Le calvaire de Kalima Arbouche commence fin mai dernier. Âgée de 62 ans et atteinte d’une maladie grave, elle décide de prendre la route de Strasbourg direction le sud du marocain pour remettre un convoi humanitaire composé de matériel médical et de fournitures scolaires à l’association Fobdec située dans la ville de Beni Zoli près de Zagora. Néanmoins, la source du problème est que l’association n’envoie pas à Kalima le bon de franchise, un document essentiel, signé par l’association et légalisé par les autorités de Beni Zoli qui lui permettra de passer son convoi aux douanes marocaines. L’association promet d’envoyer ce papier par mail à Kalima et cette dernière prend la route pensant que l’association tiendra sa promesse. «Si les gens de l’association m’avaient expliqué qu’ils n’arrivaient pas à avoir ce bon de franchise, je n’aurais jamais pris la route», lance désespérée Kalima contactée cet après-midi.
Le consulat marocain d'Algeciras lui délivre un document inutile
Après deux jours de route, elle arrive à Algeciras, prête à prendre le bateau pour le Maroc mais ne reçoit toujours pas le fameux sésame dans son mail.

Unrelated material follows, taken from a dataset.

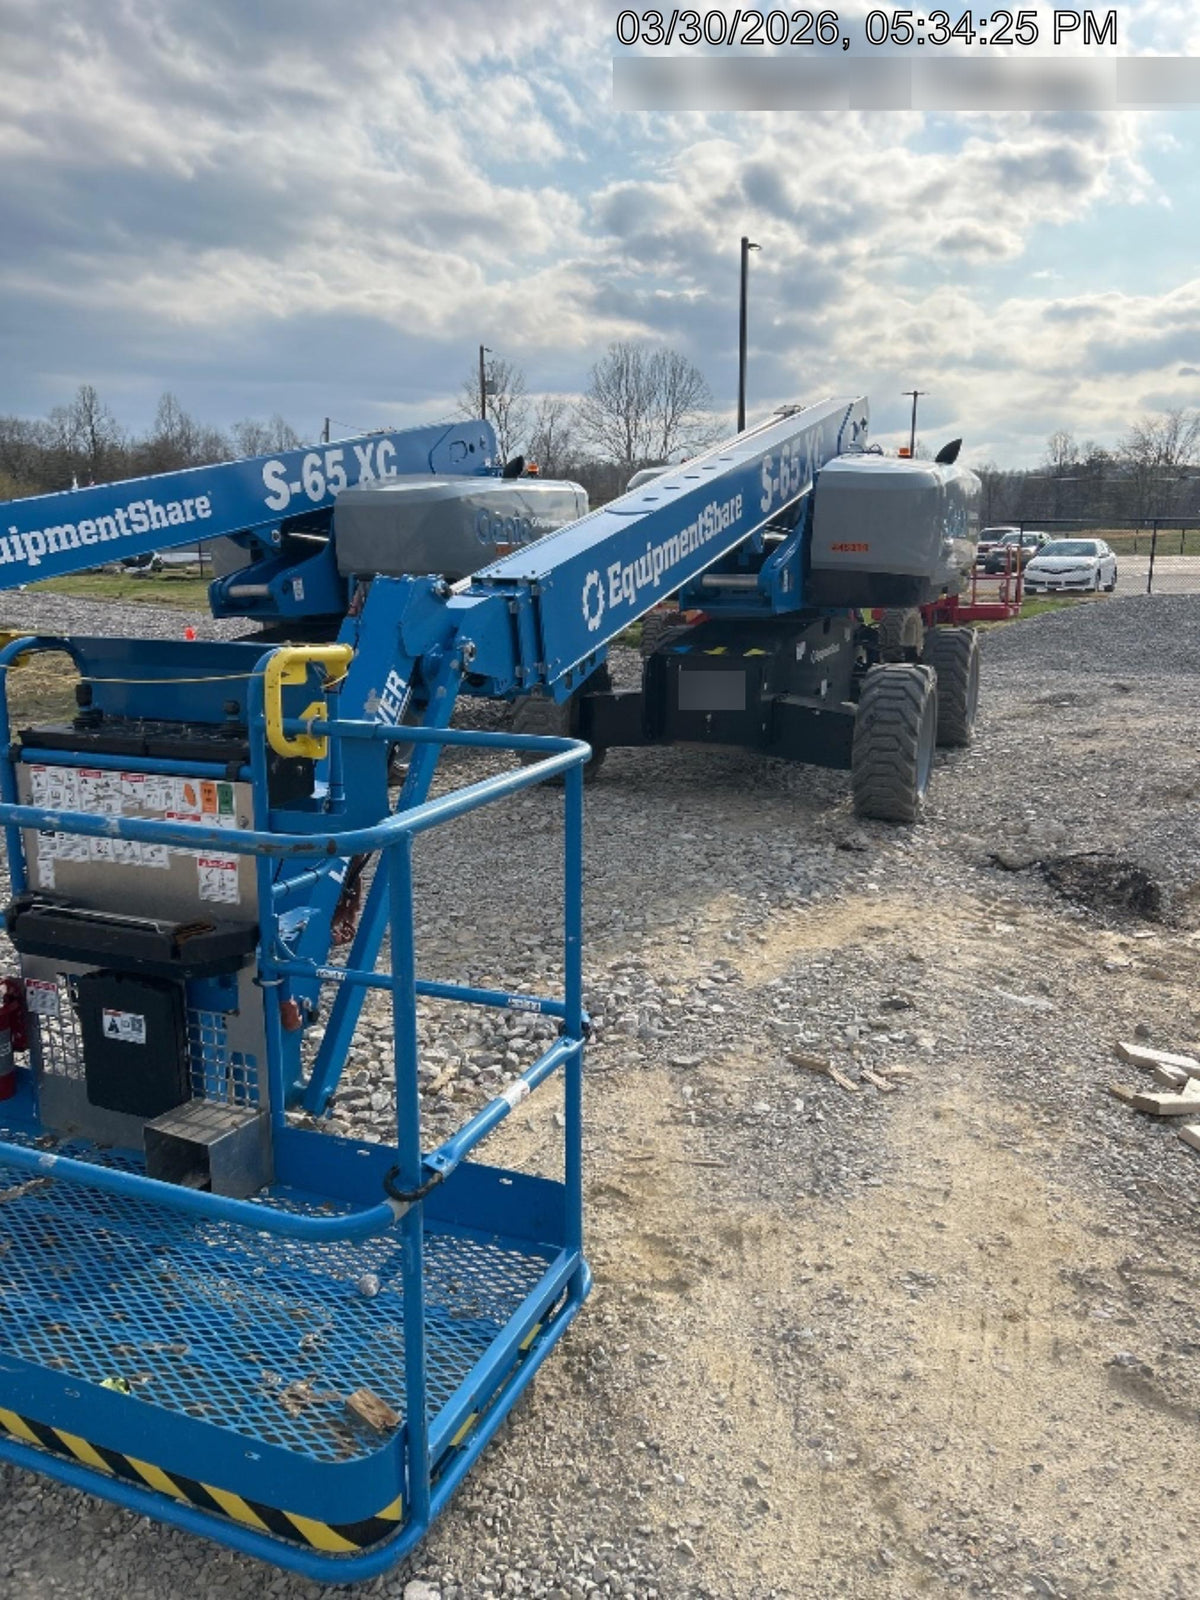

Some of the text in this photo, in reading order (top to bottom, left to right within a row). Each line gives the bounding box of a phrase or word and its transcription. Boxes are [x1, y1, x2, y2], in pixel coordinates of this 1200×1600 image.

Elle prend contact avec l’association Fobdec et cette dernière lui explique qu’elle va devoir attendre plusieurs jours car il est extrêmement difficile d’avoir ce papier. Les jours passent et Kalima est bloquée. De plus, elle se fait volée son sac à main contenant de l’argent et son passeport français dans le parking d’un supermarché. Manquant d’argent, elle ne peut faire marche arrière et revenir à Strasbourg, un retour en arrière estimé à 1200 euros. Elle n’a pas d’autres choix que de continuer son odyssée.
Après près de deux mois d’attente à Algesiras, elle décide de se rendre au consulat marocain d’Algésiras. Ce dernier lui délivre un document signé par le consul lui promettant qu’elle pourra passer sans soucis les frontières marocaines. «Je suis allée voir les prix des billets du bateau et le billet le moins cher que je trouve est pour Sebta à 135 euros contre 165 euros pour Tanger, j’ai donc été obligée de prendre le moins cher», explique-t-elle. «Pour moi, ce bateau est celui de la délivrance», lâche-t-elle. Néanmoins, la délivrance est encore bien loin. Arrivée à la douane de Sebta, les douaniers marocains refusent de la laisser passer car elle ne possède pas le fameux bon de franchise. «J’ai lu votre papier provenant du consulat marocain d’Algeciras et il n’a aucune valeur ici. J’exige le bon de franchise pour vous laisser passer. La loi c’est la loi», lui crie un douanier, explique-t-elle.
Remarques racistes
Par ailleurs, étant Française d’origine algérienne, Kalima confie qu’elle a également subi des remarques racistes de la part de certains douaniers marocains qui se demandaient comment une «Algérienne poulait aider une association marocaine». Sous un soleil de plomb, sans boire ni manger, Kalima ne peut bouger attendant sur le parking de la douane. Totalement désespérée, elle décide d’appeler Yabiladi pour lui faire part de sa situation et lui demander de contacter des journaux espagnols. La rédaction envoie plusieurs mails à des publications espagnoles basées à Sebta pour les informer de l’histoire de Kalima. Une seule journaliste de «El Faro de Ceuta» répondra positivement à ce message et se déplacera directement à la douane pour rencontrer Kalima et faire un article sur sa situation. «C’était un véritable soulagement de rencontrer Beatriz, la journaliste», déclare-t-elle.
La journaliste emmène également Kalima à la Croix Rouge situé à près d’un kilomètre de la frontière, association qui va lui payer trois jours d’hôtel. Mais les trois jours sont passés et Kalima est toujours dans ce même hôtel qu’elle paie avec son propre argent. «Aujourd’hui, il ne me reste plus que 15 euros. Je suis obligée de ne faire qu’un repas par jour dans une petite cantine pas très loin pour 8 euros. Je vais envoyer un message à des amis et membres de ma famille pour qu’ils m’envoient de l’argent. Je suis complètement désespérée. Je ne suis pas dans un état de conscience normal», lance-t-elle. Elle ajoute qu’elle a tenté de joindre par téléphone le ministre des Affaires étrangères et celui des Marocains résident à l’étranger, mais sans résultat. Kalima rencontre ce soir une nouvelle association pour lui expliquer sa situation, un rendez-vous qui la laisse complétement sceptique.